YouTube or any local newspaper are the extreme examples, pretty much 100% "I fear for humanity" comments.
Ars Technica and The Verge seem to well above average, but they're 5% good/45% ignorable/50% freaking awful.
Engadget or any Gawker site seem to be about average for the Internet, 1% good/10% ignorable/89% freaking awful.
I guess what I'm saying is, with very very few exceptions, my personal experience on most sites (including small blogs with high quality content) has absolutely been that the comments are not only a distraction but almost always just make me depressed if I bother to read them. If I want to read comments on a particular article, I'd much rather do it on HN or (maybe, sometimes) a good subreddit.
For comment systems with both anonymous and non-anonymous commenting (Disqus, LiveFyre), it's very rare (from my experience) that the valuable comments are made by anonymous people.
Most people don't object to providing their identity, but those who do are silenced if there is no anonymous option. It's not worth silencing them, IMO.

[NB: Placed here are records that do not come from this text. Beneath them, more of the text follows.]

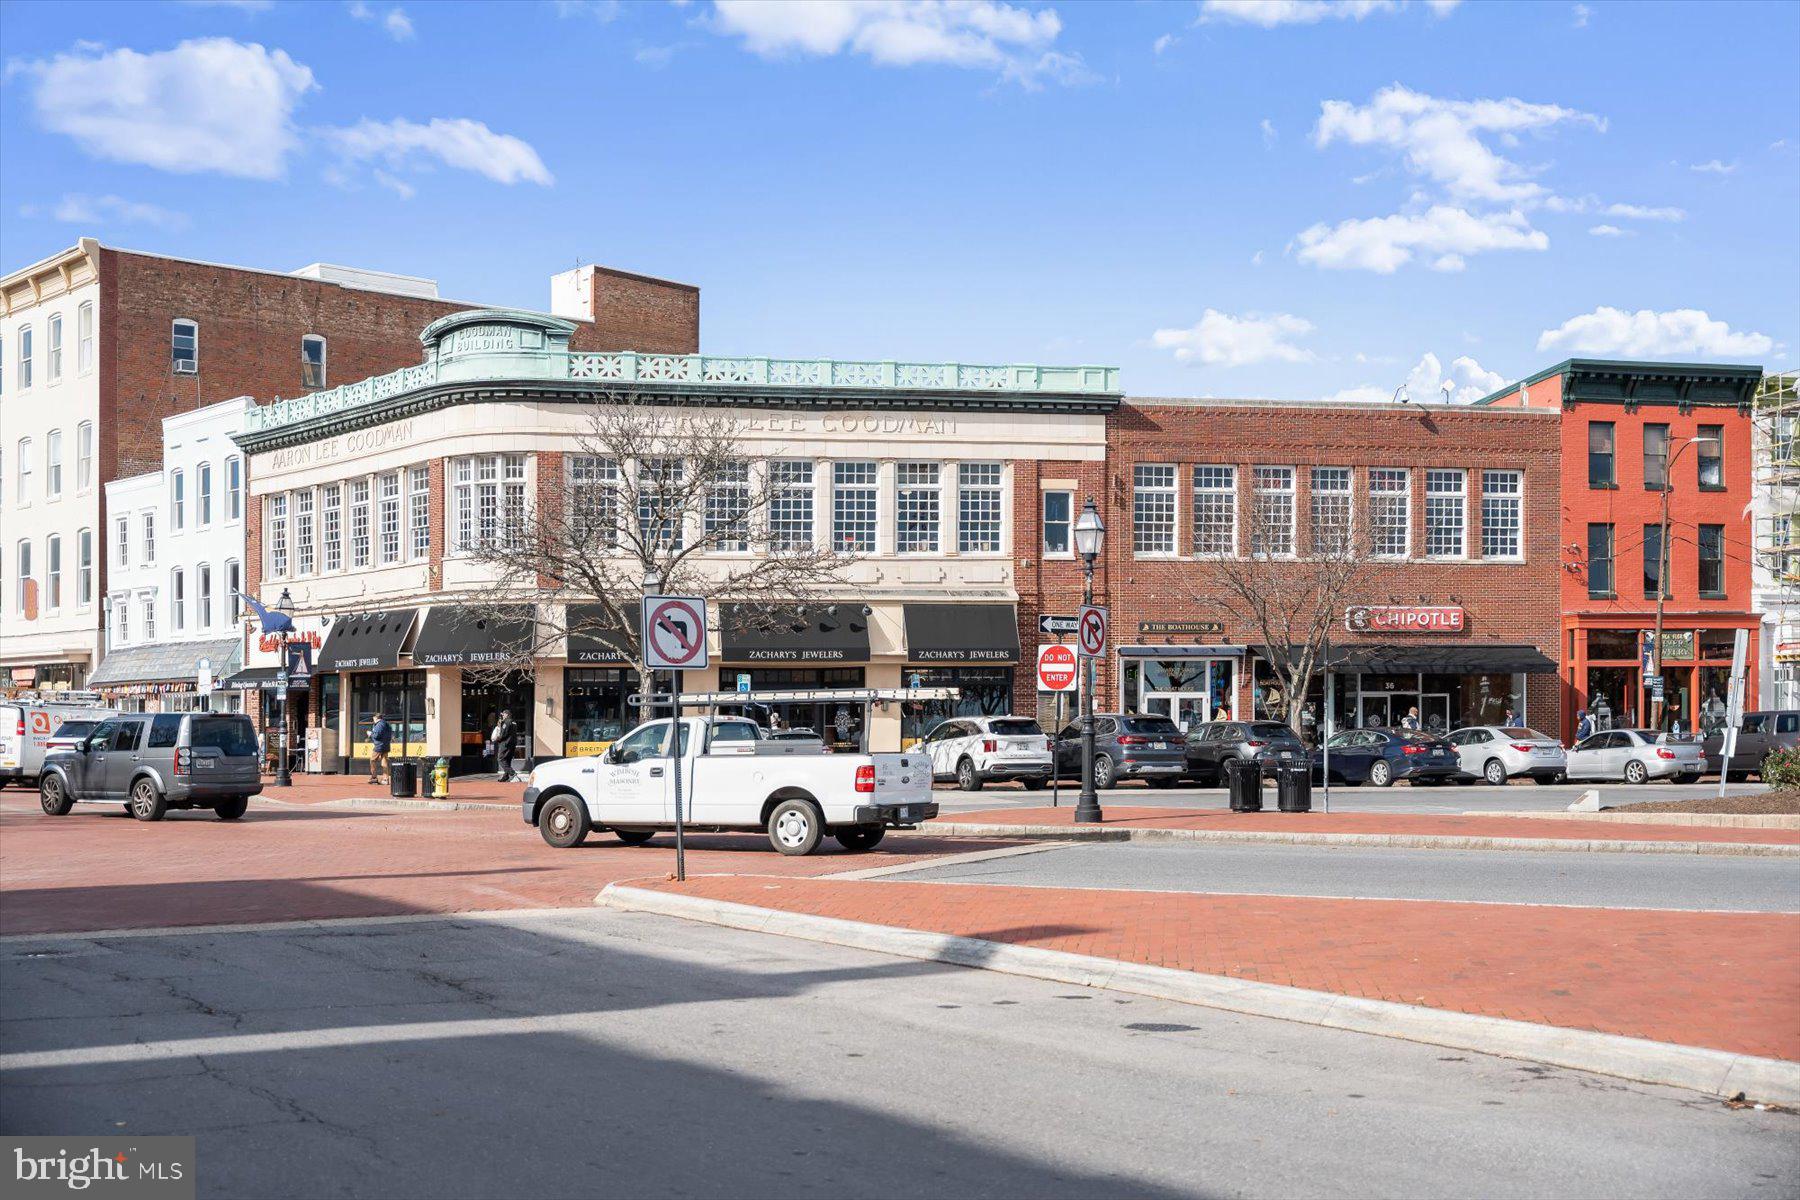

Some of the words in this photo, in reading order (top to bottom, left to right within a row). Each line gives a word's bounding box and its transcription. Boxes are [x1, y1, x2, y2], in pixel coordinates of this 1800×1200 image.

[457, 339, 513, 351] BUILDING
[748, 413, 806, 432] LEE
[272, 446, 311, 470] AARON
[315, 439, 339, 461] LEE
[1375, 612, 1460, 627] CHIPOTLE
[425, 653, 464, 663] ZACHARY'S
[470, 652, 511, 662] JEWELERS
[749, 650, 797, 659] ZACHARY'S
[801, 650, 844, 660] JEWELERS
[918, 650, 965, 659] ZACHARY'S
[969, 650, 1010, 659] JEWELERS
[1057, 653, 1072, 661] NOT
[335, 659, 358, 668] ZACHARY'S
[358, 657, 379, 667] JEWELERS
[1046, 674, 1068, 682] ENTER
[1385, 682, 1395, 690] 36

It's a little ironic that by not supporting comments/discussion on the page directly they have been outsourced to HN. People will talk about you whether you're in the room or not...

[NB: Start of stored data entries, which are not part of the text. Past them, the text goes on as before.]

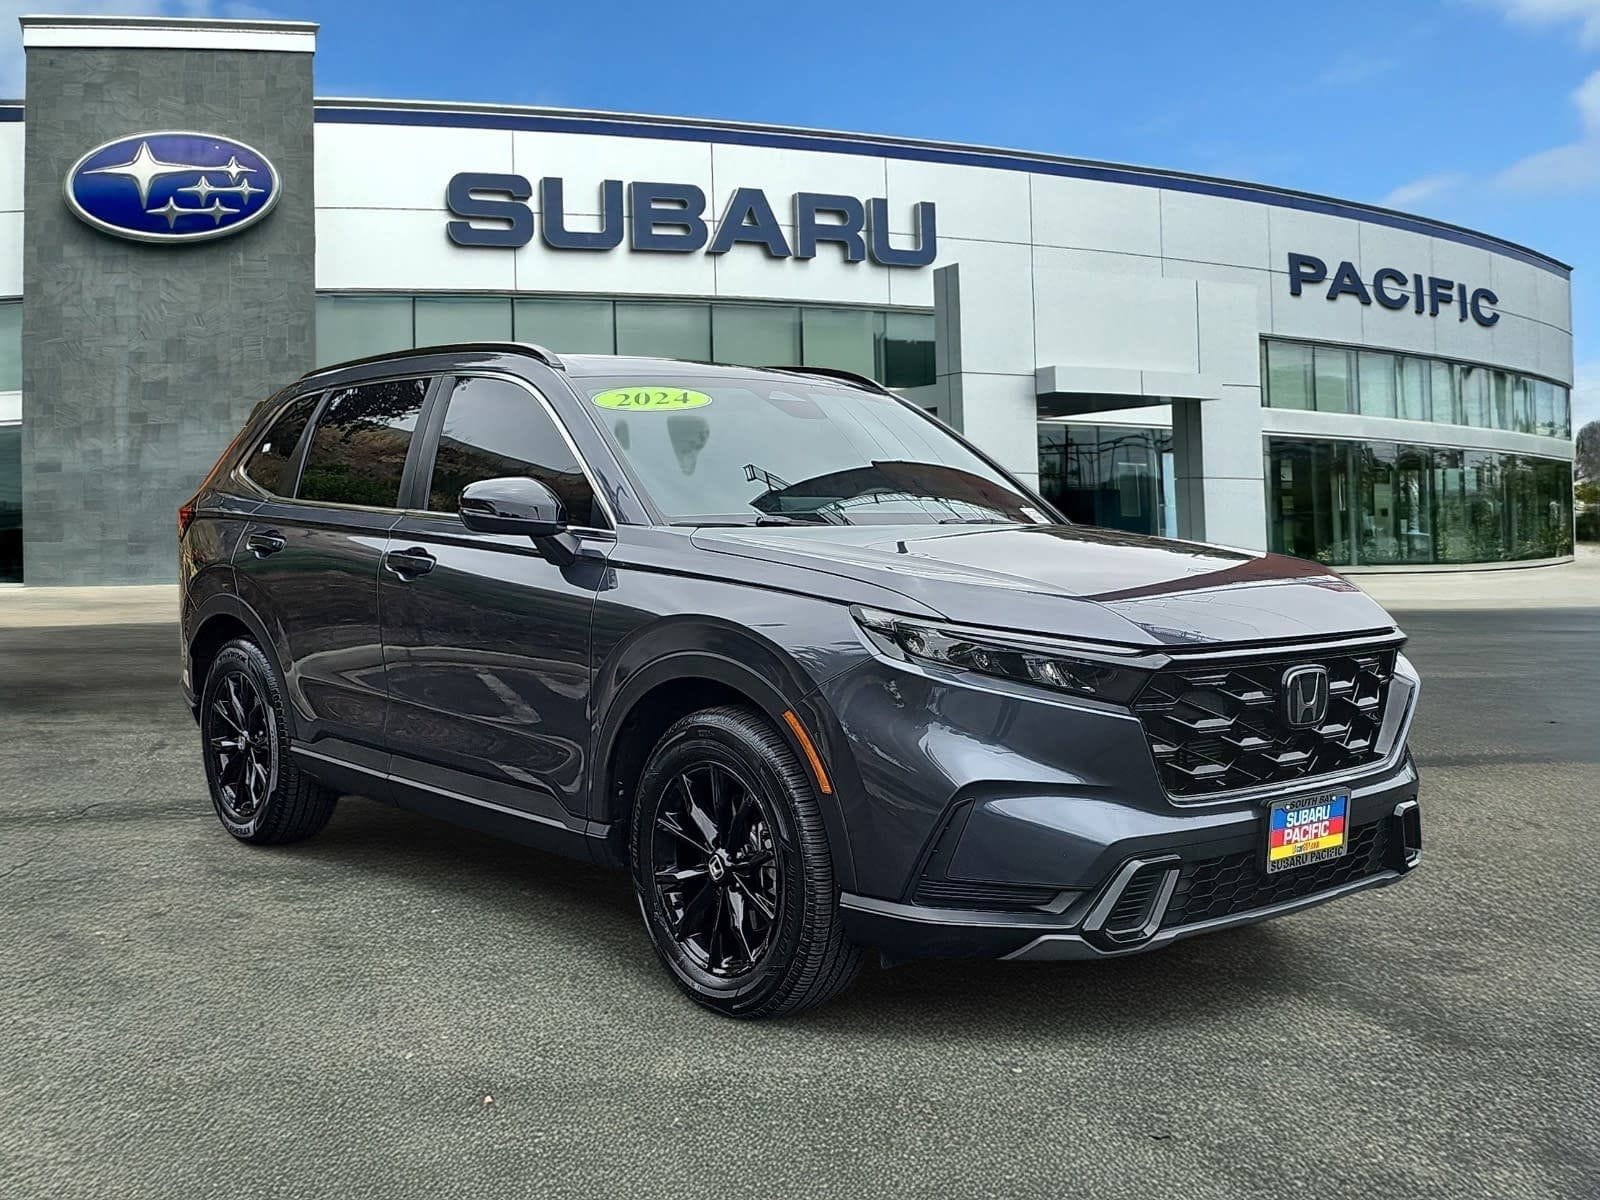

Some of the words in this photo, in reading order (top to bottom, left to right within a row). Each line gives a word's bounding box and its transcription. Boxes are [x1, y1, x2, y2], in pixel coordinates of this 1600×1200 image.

[447, 171, 938, 267] SUBARU
[1287, 252, 1501, 327] PACIFIC
[615, 391, 690, 406] 2024
[1290, 797, 1318, 809] SOUTH
[1287, 805, 1330, 827] SUBARU
[1284, 822, 1330, 845] PACIFIC
[1271, 854, 1308, 871] SUBARU
[1310, 847, 1343, 862] PACIFIC

Maybe a better word would be hypocritical, given that it looks like the author submitted it to HN to ignite discussion. It makes me think of the Mango character from SNL.
At a hackathon I built a simple blog system that let one reply to the authors article's individual paragraphs privately and provided a private RSS feed to the commenter for the author to continue a conversation.
The idea being that an anonymous intelligent conversation is possible but the author is probably the most informed on a subject and therefore should be the judge on what is considered good content.
Not sure I entirely agree with this for all cases. One example of a blog post where comments are highly valuable is a highly technical/tutorial style post (be it about coding, mathematics etc.)
Often with articles of this nature, the comments serve as a very swift mechanism to get corrections and bug fixes back to the author - improving the quality of the post for future readers.
Interesting. There is a particular art to fostering a culture of discussion, but I'm not sure I'd go as far as saying that the signal got drowned out in the noise in most comment threads. And some threads are more enlightening and entertaining than the article above them. Depends on the comment thread.
Visibility is low for actual replies on Tumblr. It doesn't properly facilitate discussion. I can quickly discern that there are 4k+ notes on a post, but I have no indication of how many are reblogs vs licks, let alone reblogs with actual responses.
They aren't blank, they're forwarded to your followers. The design results in chasing links of reblogs from posts and following the people who reblogged to establish followed/follower networks that share values and talk a common language. This is why tumblr is famous for having intense politics.
I consider the combination of "reblog" and "follow" to be a major design win.
>They aren't blank, they're forwarded to your followers.
I meant that there's no easy way to determine which reblogs have actual responses and which are just raw reblogs. The concept of a reblog is great, but the execution isn't.
For all the talk about the design and user behaviors. The author uses some kind of pseudo-highlighting to indicate links. I would not of figured that out if the highlighting pattern didn't match that Wikipedia style so often used.
The "comments are noise" attitude presumes most comments have nothing valuable to add (which may be true to various degrees, depending on your readership). But this is a judgment coming from the author's perspective. The comments may be noise to him or her, but might be very valuable to other readers. Even if they seem to discuss tangential minutiae.
I agree with Joel. Before blogs emerged, there were plenty of websites where people opined on various things without feedback from the readers. The expectation that most people have when they go to a blog is that there will be some level of interaction with the author and other readers.